SH123: "Roger, heading 190 for SH123."

While this is going on, I continue to work my other traffic. I keep an eye out on SH123 as he slowly makes his way in. To my surprise, the vector I gave him puts him directly over Point Charlie. I had expected to have to give him some tweaks, but it worked out fine. I give myself a silent "w00t!" and switch him to tower after he calls the fix in sight.

SH123 was plugging away at 120 knots his whole way in. Behind him are two more Navy T-34s about 7 miles apart, cruising towards the airport at about 190 knots. Rather than reduce their speed or give them delay vectors when they're 20 miles from the airport, I let them keep coming most of the way to see how things work out. When the first one is about 3 miles behind SH123, I go ahead and give him a right 360 for spacing. My instructor also reminds me to issue the second one a 360 just in case he closes the distance. I tell them both the reason: "A solo T-34 with an emergency." That lets them know I'm not just spinning them for my own amusement.

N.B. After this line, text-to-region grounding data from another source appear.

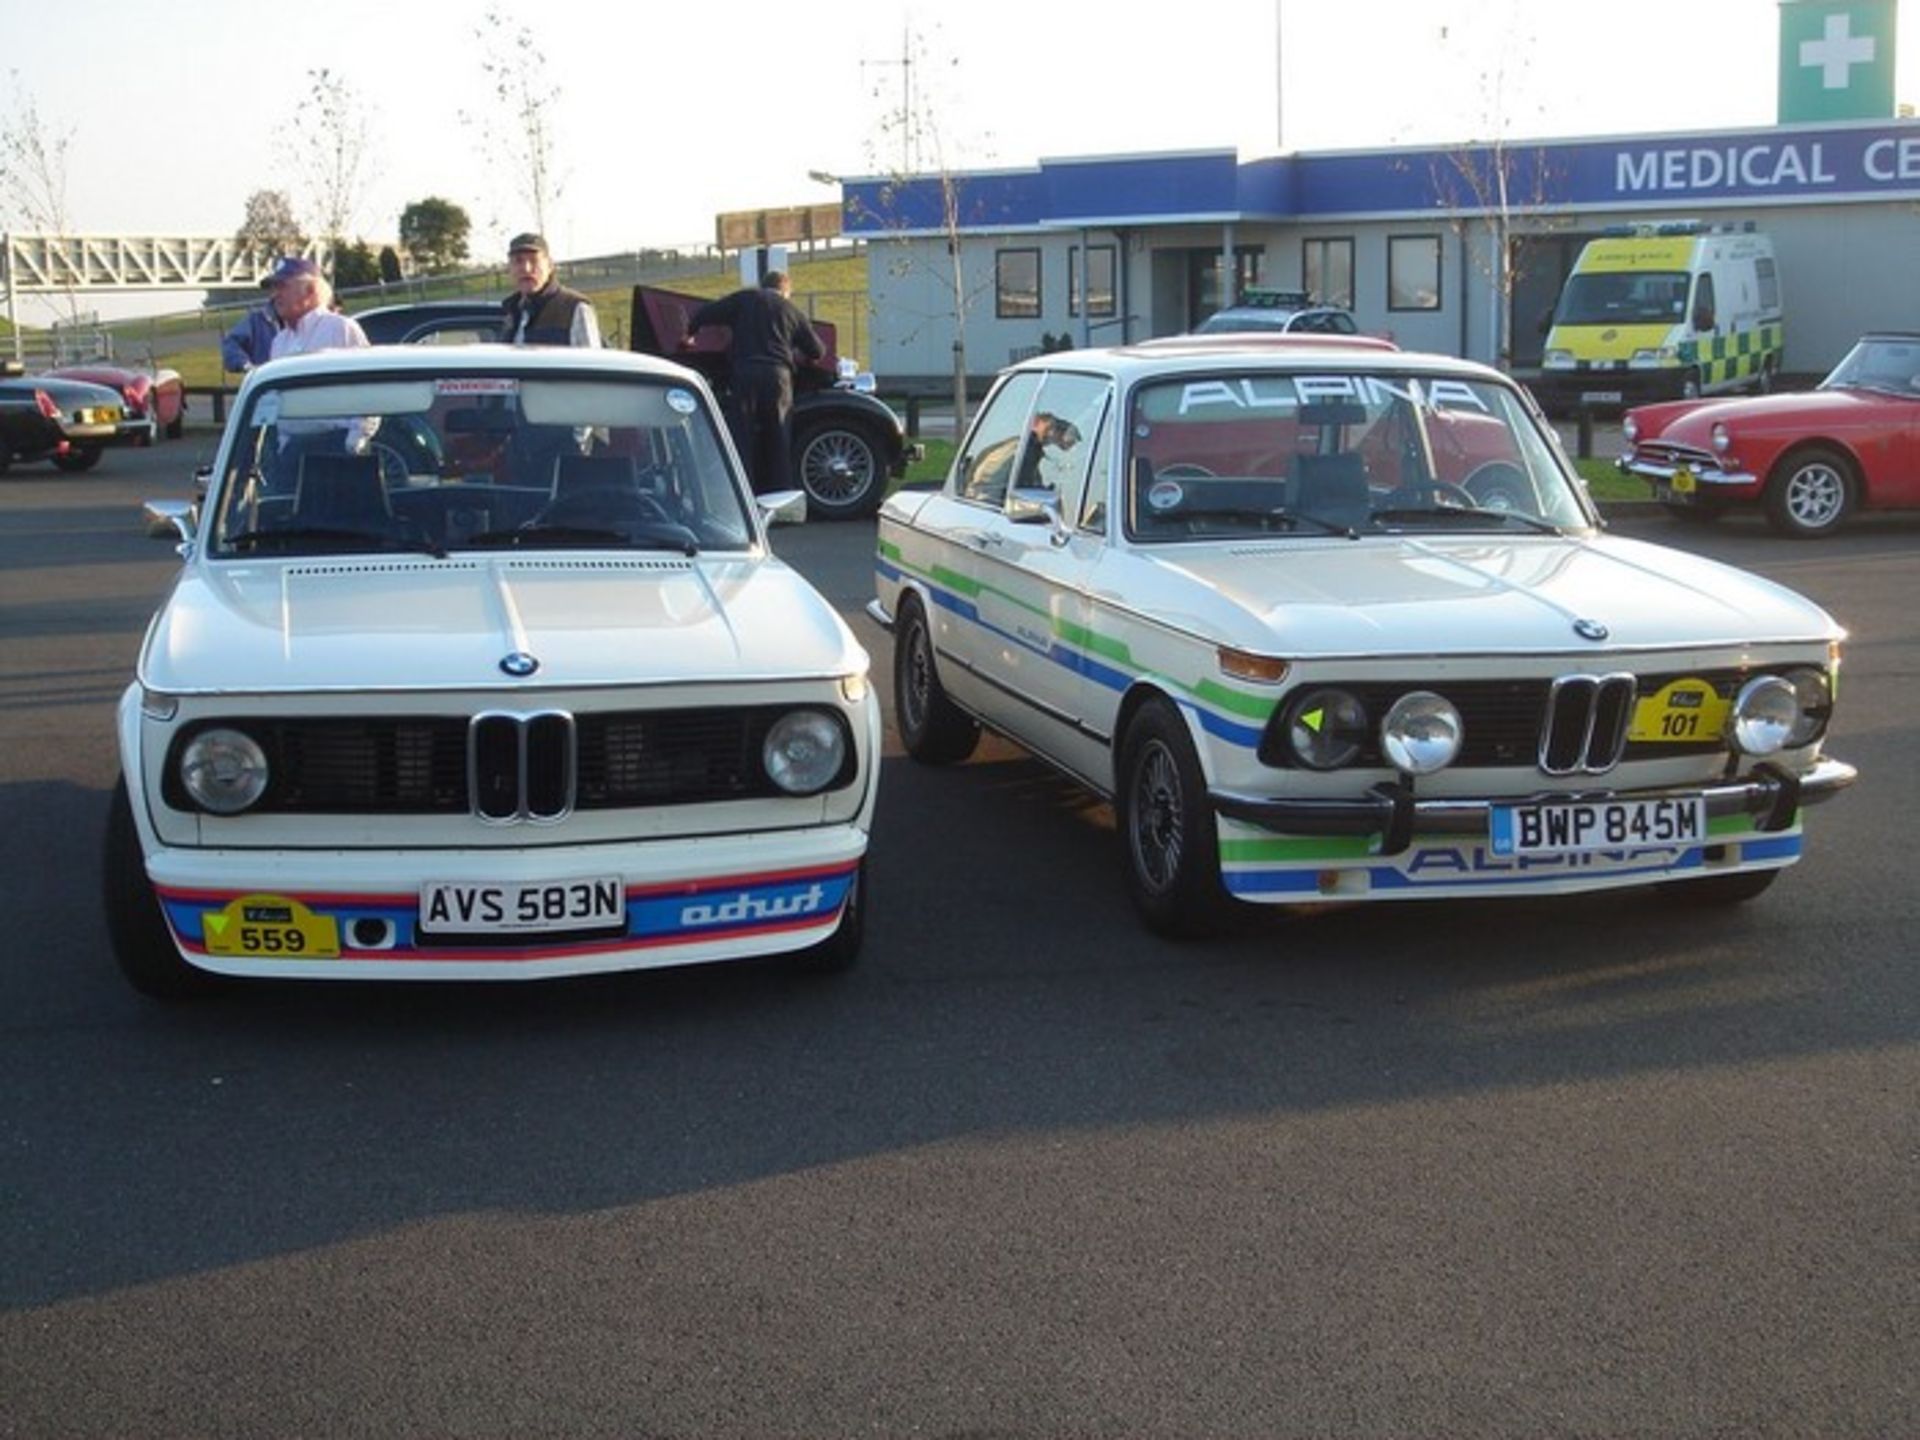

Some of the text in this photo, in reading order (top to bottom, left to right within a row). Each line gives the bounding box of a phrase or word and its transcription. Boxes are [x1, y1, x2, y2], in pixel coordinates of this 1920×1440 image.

[1615, 143, 1836, 191] MEDICAL
[1178, 376, 1489, 415] ALPINA
[1661, 713, 1698, 736] 101
[1519, 801, 1697, 848] BWP 845M
[429, 881, 617, 922] AVS 583N
[241, 928, 305, 953] 559

While those two were burning circles in the sky, I watch SH123 on his straight-in approach. As he descends below our radar's vertical range, his target drops off my scope and goes into coast track. After waiting for a minute or so, I call the tower to ask if he got down okay. "He juuuust landed." was the eager reply, and I tell my supervisor and instructor so my sup could log the event. "Can I send the other guys in?" I ask the tower. "Sure, bring 'em in." I get the other two back on course and switched them to tower.

And that was that. The planes keep calling and I keep working. The traffic doesn't stop just because another plane's in trouble, though pilots will be more accommodating when they hear someone in trouble on the radio.

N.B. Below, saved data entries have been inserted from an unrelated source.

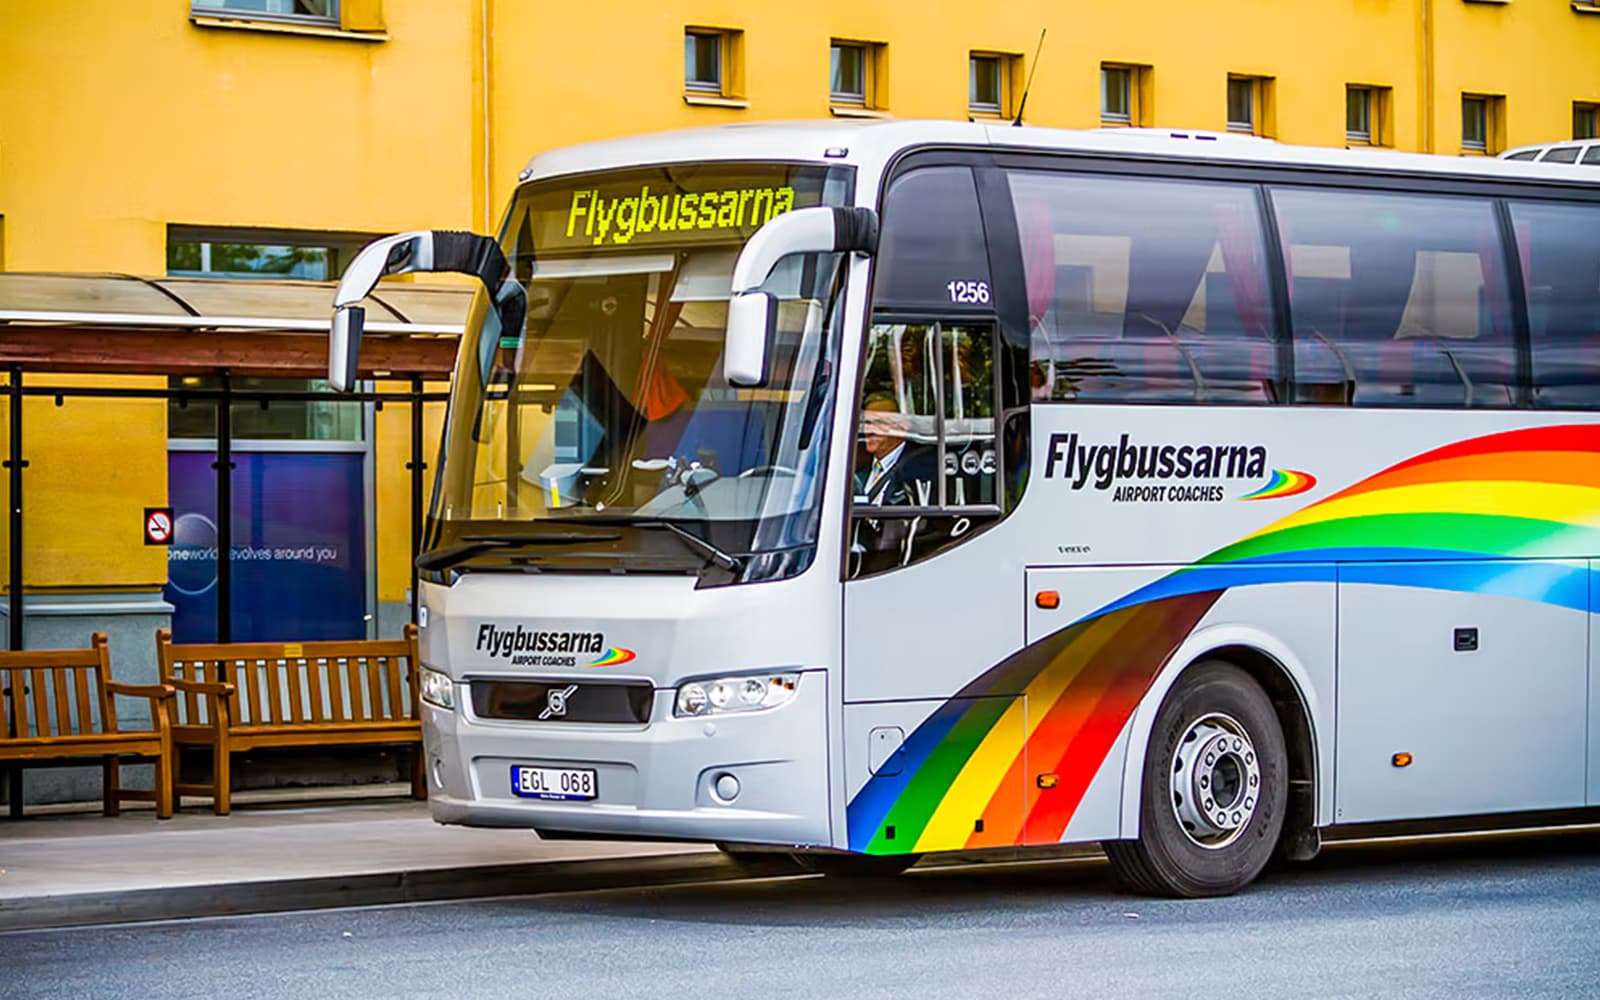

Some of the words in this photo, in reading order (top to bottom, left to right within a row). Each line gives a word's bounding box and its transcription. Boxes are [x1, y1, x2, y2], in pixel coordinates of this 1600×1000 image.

[566, 186, 794, 245] Flygbussarna
[947, 281, 990, 303] 1256
[1044, 433, 1267, 490] Flygbussarna
[1112, 485, 1167, 502] AIRPORT
[1167, 485, 1224, 502] COACHES
[229, 546, 272, 560] evolves
[273, 546, 314, 561] around
[314, 549, 337, 563] you
[476, 624, 604, 658] Flygbussarna
[511, 655, 542, 665] AIRPORT
[542, 656, 577, 667] COACHES
[521, 770, 550, 791] EGL
[560, 772, 591, 793] 068

The unexpected end to this happened when the land line from the tower rings a few minutes later. I pick it up. "This is the Whiting sup. Is this the controller?" "Errr, yes?" I reply, wondering what I'd screwed up. He continues, "Hey, listen, I just want to thank you for helping us out with that emergency. Also, holding those other guys out gave us plenty of space to work with him and get him on the ground. Good job." I wasn't expecting anything like that. "Hey, no problem at all. Anytime," I replied and unkeyed the line.

The sup's comments definitely lit up my day, although I didn't (and still don't) think I'd done anything special. Handling emergencies and such are part of the job description. The experience served as a good reminder of the basic purpose of ATC: controllers working together to keep people safe. I know for a fact any other controller here at my facility or anywhere else in the country would have handled that situation the same way. It's just part of the job.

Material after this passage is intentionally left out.